D. O. Clegg, D. J. Reda, E. Mejias, G. W. Cannon, M. H. Weisman, T. Taylor, E. Budiman-Mak, W. D. Blackburn, F. B. Vasey, M. L. Mahowald, J. J. Cush, H. R. Schumacher, S. L. Silverman, F. P. Alepa, M. E. Luggen, M. R. Cohen, R. Makkena, C. M. Haakenson, R. H. Ward, B. J. ManasterR. J. Anderson, J. R. Ward, W. G. Henderson

Research output: Contribution to journalArticle

Abstract

Objective. To determine whether sulfasalazine (SSZ) at a dosage of 2,000 mg/day is effective for the treatment of active psoriatic arthritis (PsA) resistant to nonsteroidal antiinflammatory drug therapy.

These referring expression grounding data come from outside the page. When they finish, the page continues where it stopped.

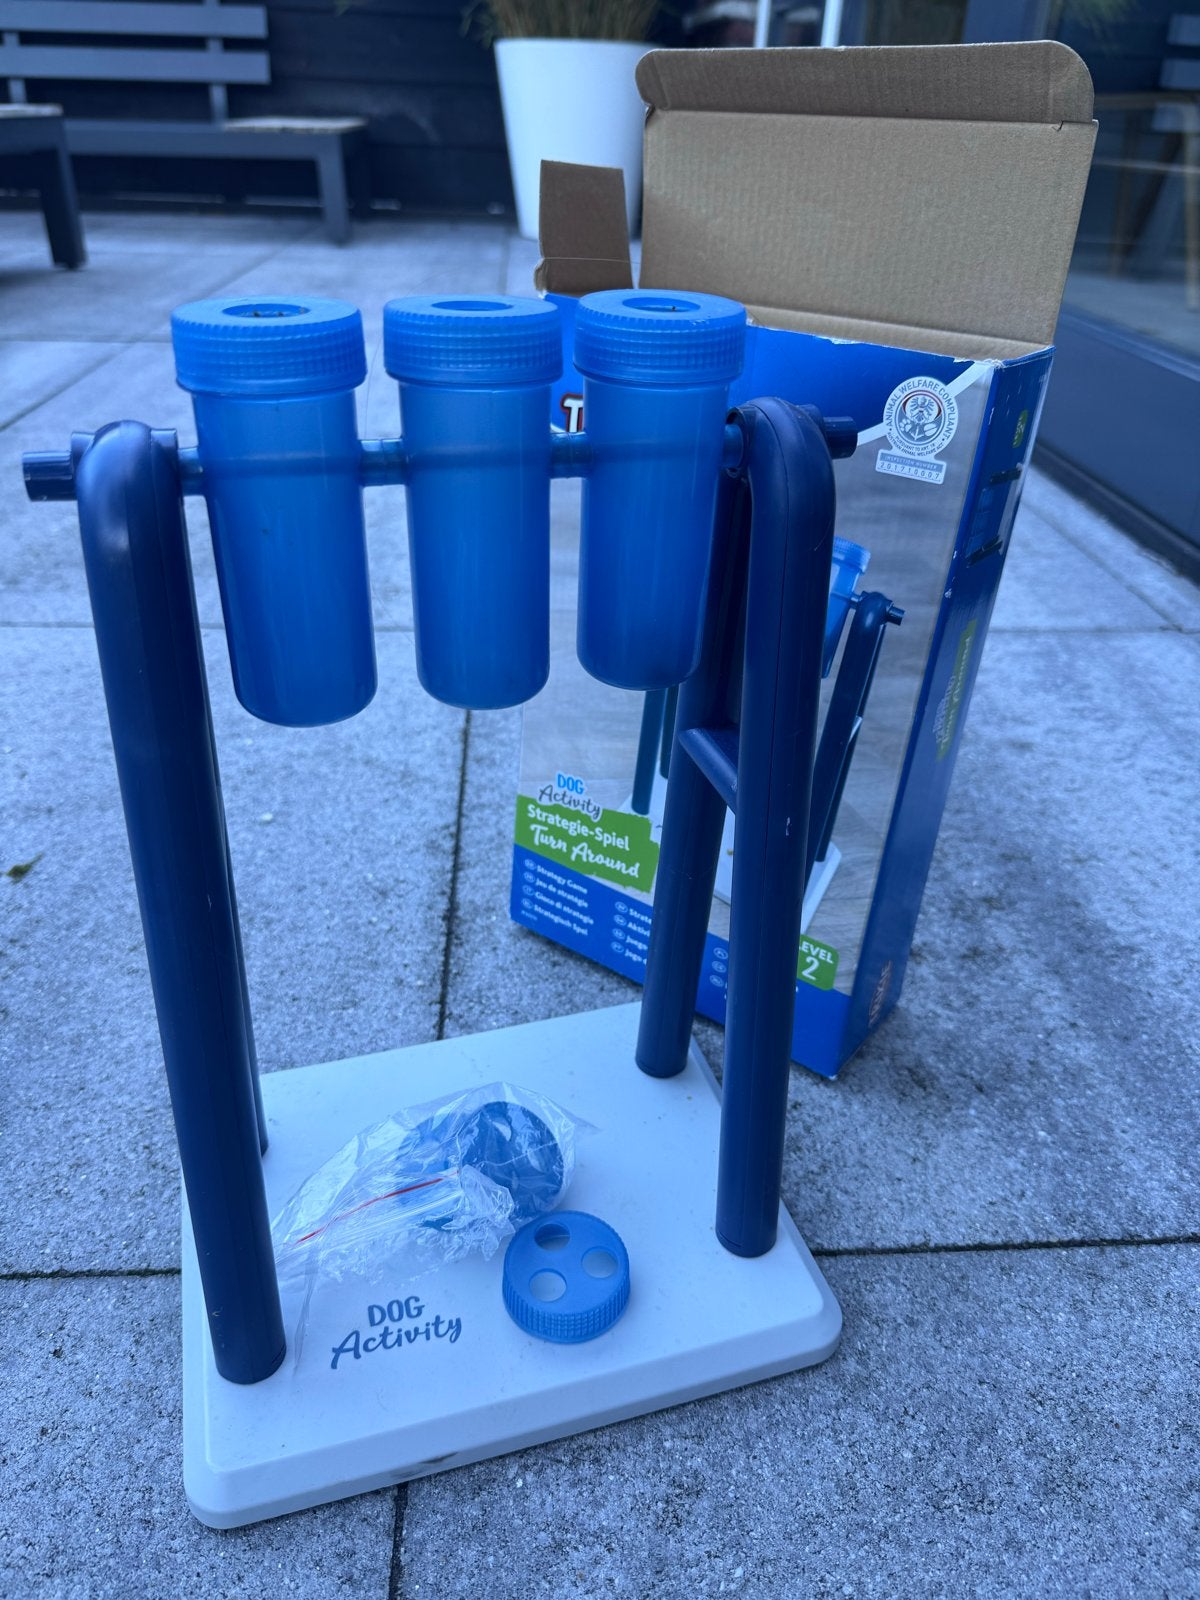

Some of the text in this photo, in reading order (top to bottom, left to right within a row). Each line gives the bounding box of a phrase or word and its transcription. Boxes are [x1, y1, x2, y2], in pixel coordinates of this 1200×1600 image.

[886, 379, 955, 440] ANIMAL WELFARE COMPLIANT
[557, 773, 585, 795] DOG
[539, 784, 601, 820] Activity
[527, 803, 630, 851] Strategie-Spiel
[530, 823, 641, 878] Turn Around
[537, 865, 566, 885] Strategy
[566, 879, 588, 895] Game
[627, 921, 650, 937] Aktivi
[629, 908, 652, 925] Strate
[799, 940, 834, 965] EVEL
[802, 956, 819, 980] 2
[367, 1295, 425, 1327] DOG
[330, 1314, 462, 1370] Activity

Methods. Two hundred twenty-one patients with PsA were recruited from 15 clinics, randomized (double-blind) to SSZ or placebo treatment, and followed up for 36 weeks. Treatment response was based on joint pain/tenderness and swelling scores and physician and patient global assessments. Results. Longitudinal analysis revealed a trend favoring SSZ treatment (P = 0.13). At the end of treatment, response rates were 57.8% for SSZ compared with 44.6% for placebo (P = 0.05). The Westergren erythrocyte sedimentation rate declined more in the PsA patients taking SSZ than in those taking placebo (P < 0.0001). Adverse reactions were fewer than expected and were mainly due to nonspecific gastrointestinal complaints, including dyspepsia, nausea, vomiting, and diarrhea. Conclusion. SSZ at a dosage of 2,000 mg/day is well tolerated and may be more effective than placebo in the treatment of patients with PsA.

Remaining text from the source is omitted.